Strange loops is a term introduced by Douglas Hofstadter in his seminal book, G"odel, Escher, Bach: An Eternal Golden Braid. Simply put, it refers to self-referential (recursive) constructs. For a more detailed explanation, read the book; hopefully the examples below will illustrate my thinking on strange loops. This is in progress.
GEB ... likens inanimate molecules to meaningless symbol, and further likens selves (or "I"'s or "souls", if you prefer---whatever it is that distinugishes animate matter from inanimate matter) to certain special swirly, twisty, vortex-like, and meaningful patterns that arise only in particular types of systems of meaningless symbols. It is these strange, twisty patterns that the book spends so much time on, because they are little known, little appreciated, counterintiutive, and quite filled with mystery. And for reasons that should not be too difficult to fathom, I call such strange, loopy patterns "strange loops"...
... the Gödelian strange loop that arises in formal systems in mathematics ... is a loop that allows such a system to "perceive itself", to talk about itself, to become "self-aware", and in a sense it would not be going too far to say that by virtue of having such a loop, a formal system acquires a self. ---Douglas Hofstadter, G"odel, Escher, Bach: An Eternal Golden Braid
The greatest strange loop in biology is the one where DNA is used to make proteins which in turn is used to make more DNA. In general self-replication of a system can be characterised by tangled hierarchies or Strange Loops and emergent/complex behaviour when a network is created between the individual components of the system within the confines of a selective environment.
One cool strange loop has to do with cellular influence on protein folding. Proteins (in the environment) require proteins (in the environment) to fold up. For example, chaperonines are proteins that help fold up other proteins.
Is there a chaperonin that requires another chaperonin to fold? Now that would be a beautiful meta strange loop!
One of the strange loops involves the independent/early folding unit (IFU) stabilisation, where these IFUs flicker in and out of an ensemble of conformations and in order to form a stable structure need to interact with each other. Likewise for larger sub-structures.
Beta-strand pairing can also be thought of as a strange loop, much like DNA base pairing is a strange loop. Beta-strand formation is similar to IFU formation in that the hydrogen bonding is required for overall stability.

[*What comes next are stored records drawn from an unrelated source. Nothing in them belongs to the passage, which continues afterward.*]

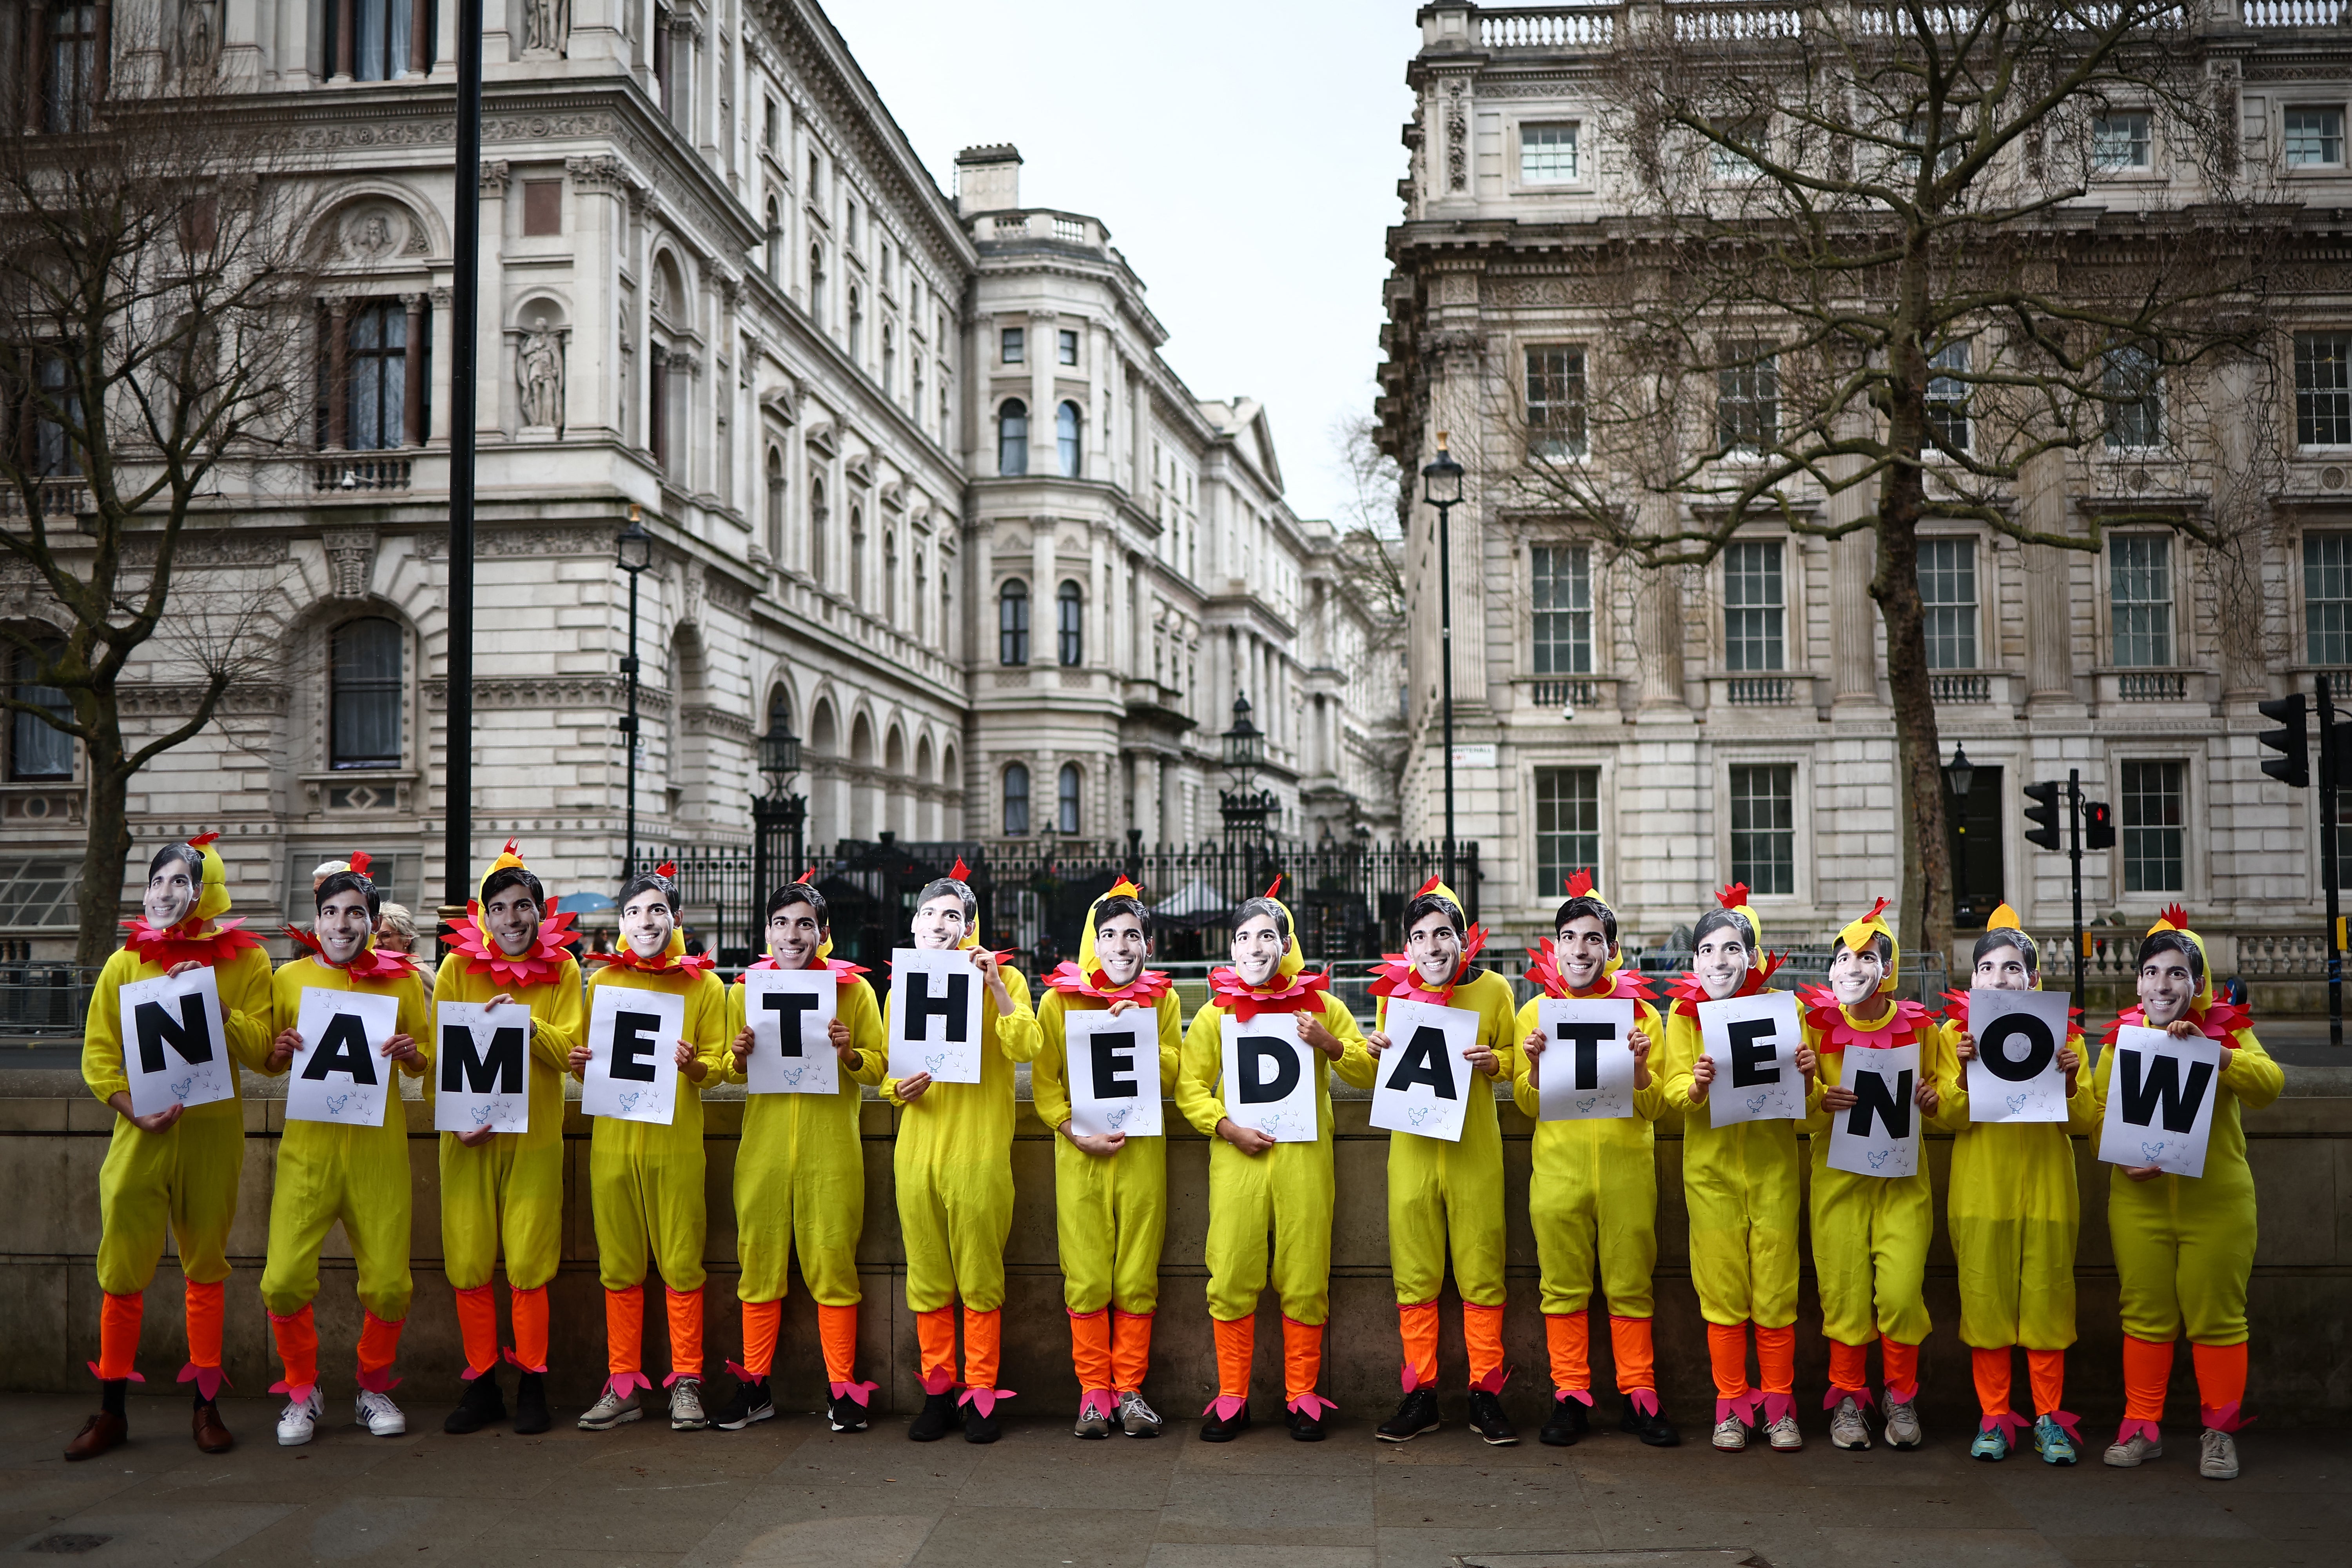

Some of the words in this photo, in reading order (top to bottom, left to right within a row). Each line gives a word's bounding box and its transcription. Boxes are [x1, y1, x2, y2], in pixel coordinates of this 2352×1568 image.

[135, 993, 213, 1074] N
[763, 993, 818, 1057] T
[905, 973, 969, 1042] H
[301, 1013, 377, 1085] A
[442, 1025, 523, 1093] M
[610, 1011, 661, 1082] E
[1090, 1032, 1138, 1099] E
[1237, 1036, 1300, 1103] D
[1385, 1026, 1457, 1100] A
[1557, 1023, 1615, 1090] T
[1727, 1018, 1780, 1088] E
[1979, 1013, 2054, 1082] O
[1847, 1069, 1913, 1139] N
[2120, 1049, 2214, 1134] W
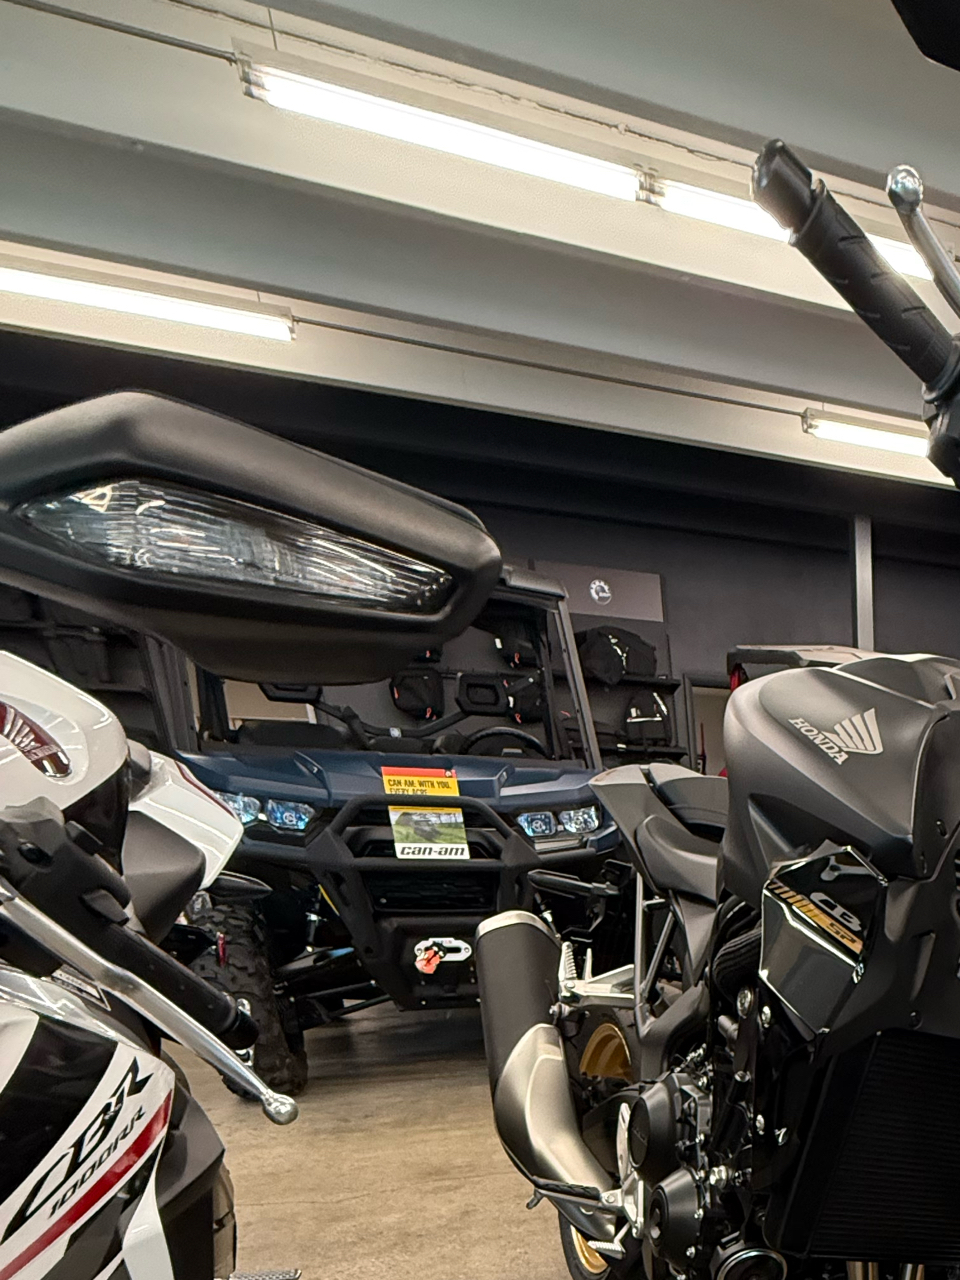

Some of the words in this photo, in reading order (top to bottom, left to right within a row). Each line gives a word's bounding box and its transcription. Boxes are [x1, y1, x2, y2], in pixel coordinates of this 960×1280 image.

[788, 717, 848, 765] HONDA
[387, 779, 402, 787] CAN
[418, 780, 435, 789] WITH
[810, 892, 862, 931] CB
[825, 922, 857, 944] SP
[1, 1056, 154, 1242] CBR
[48, 1105, 146, 1219] 1000RR
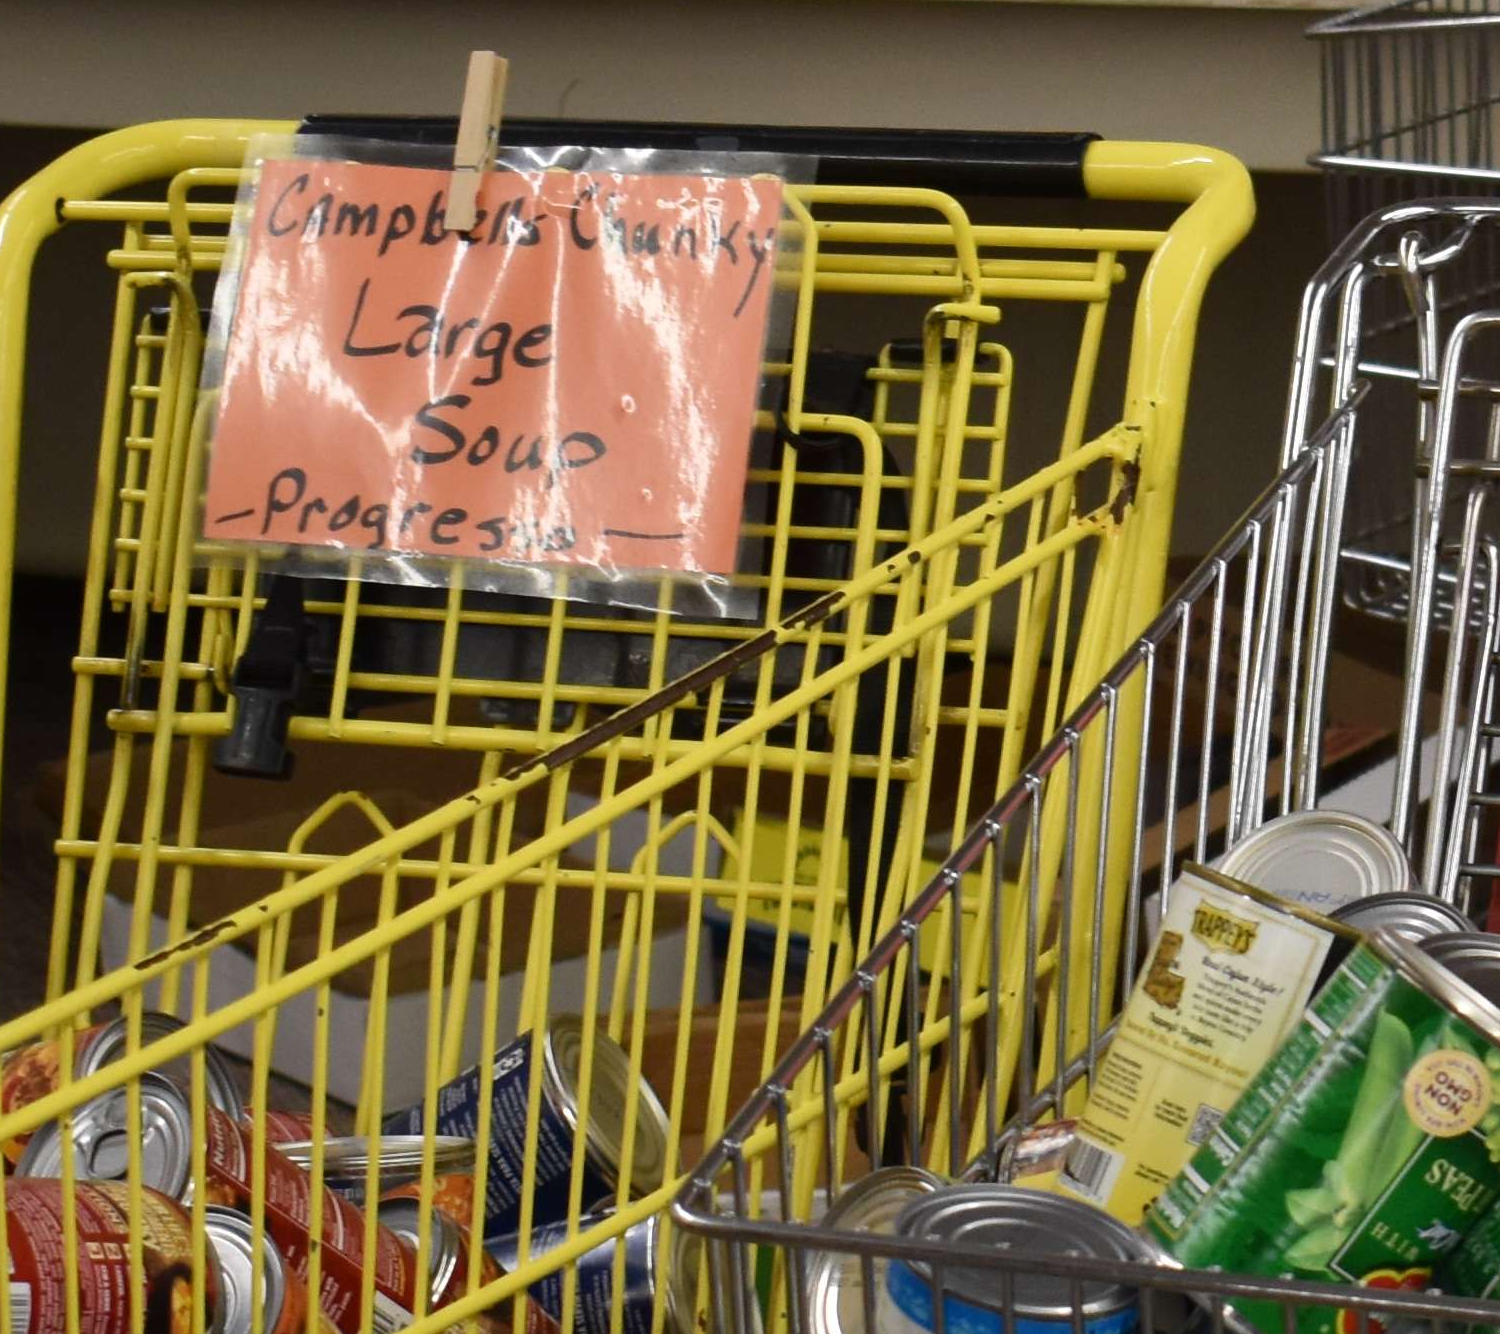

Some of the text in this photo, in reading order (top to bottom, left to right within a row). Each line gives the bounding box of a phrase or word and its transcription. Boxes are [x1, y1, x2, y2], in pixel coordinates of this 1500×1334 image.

[343, 278, 554, 386] Large
[410, 394, 607, 492] Soup
[1426, 1091, 1465, 1119] NON
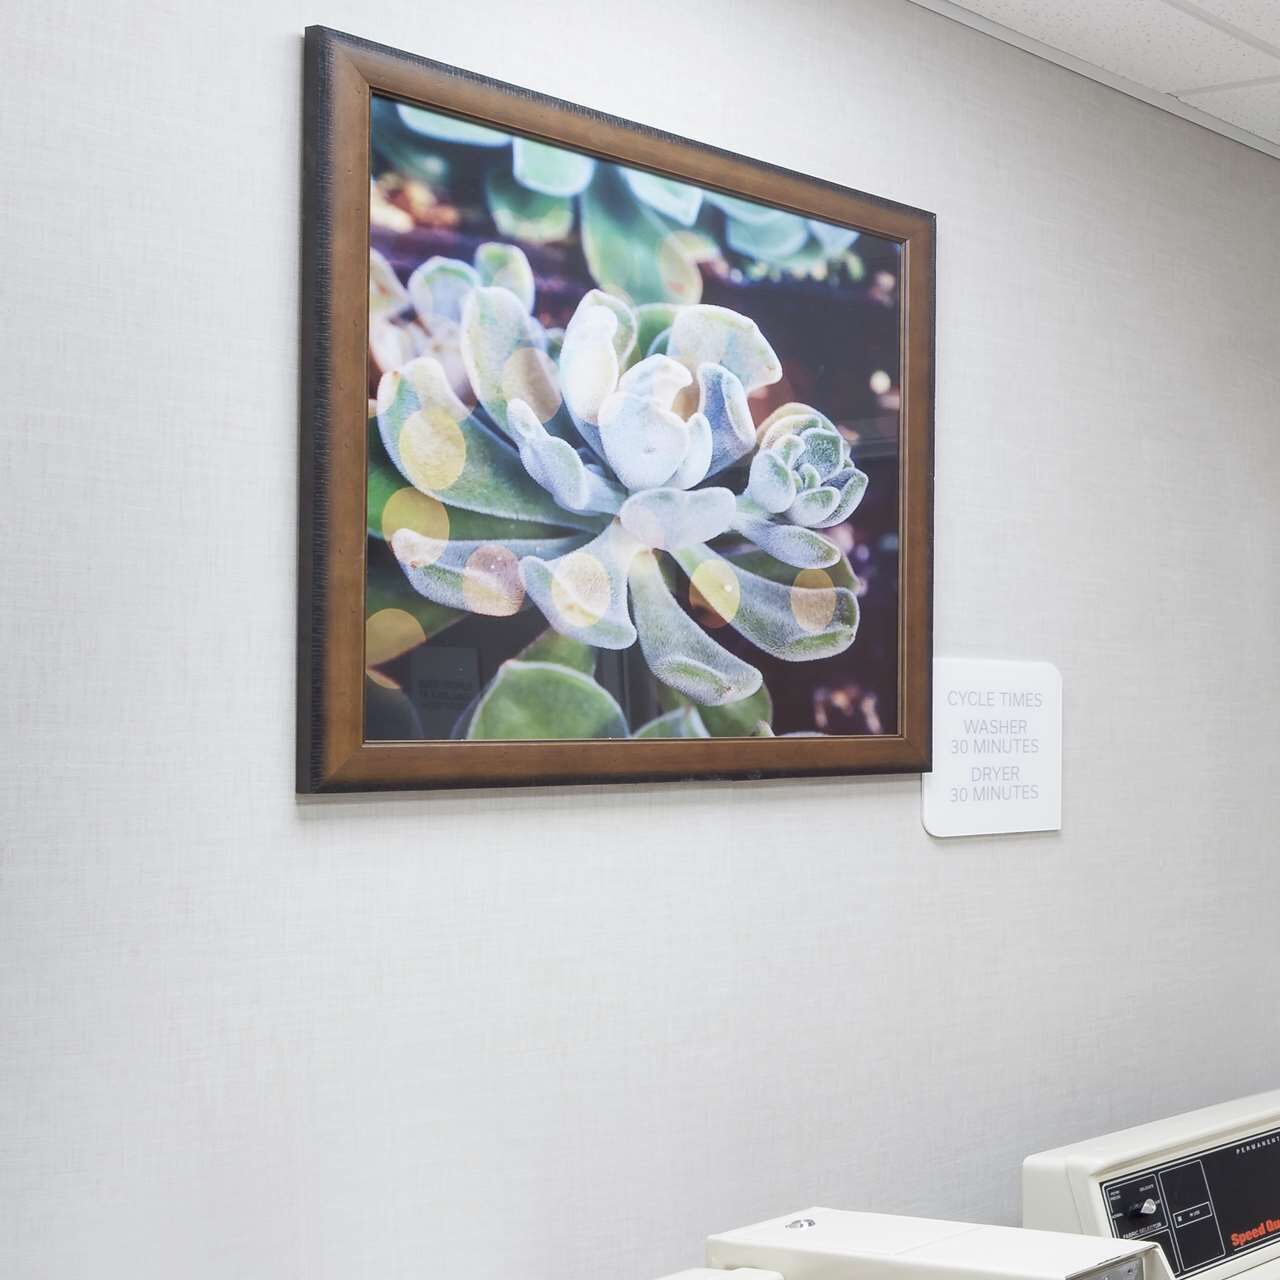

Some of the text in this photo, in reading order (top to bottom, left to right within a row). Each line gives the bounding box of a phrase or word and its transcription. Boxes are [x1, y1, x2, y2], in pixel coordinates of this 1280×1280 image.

[947, 690, 1043, 708] CYCLE TIMES
[963, 719, 1028, 735] WASHER
[951, 738, 1040, 755] 30 MINUTES
[971, 766, 1020, 782] DRYER
[950, 785, 1039, 802] 30 MINUTES
[1230, 1221, 1266, 1247] Speed

If a chain folds upon itself sequentially starting from end to end (which we know is not the case) then the entire folding process would be a beautifully recursive strange loop, where to fold a protein of length n, you would fold a protein of length n-1 and then fold the last residue.
All of the above can be generalised. Strange loopiness arises because of context-sensitivity in proteins (as illustrated by the IFU and beta-strand pairing example). So to fold a protein of length n:
f(n) = f(n-1) + c(R_n)
f(n-1) = f(n-1-1) + c(R_n-1) = f(n-2) + c(R_n-1)
f(n-2) = f(n-2-1) + c(R_n-2) = f(n-3) + c(R_n-2)
.
.
.
f(3) = f(3-1) + c(R_3)
f(2) = f(2-1) + c(R_2)
f(1) = c(R_1)
where c(R_1) is some arbitrary starting point. I use methods like this to build up protein structures---in fact such a process was used in my CASP3 ab initio prediction method for assigning secondary structure to rough models. The concept is known as recursion.
Note that the recursive call need not be made to a sequnece of length n-1. It could be of any size that represents a substructure. So you can view the process as putting together a bunch of independent sub-units.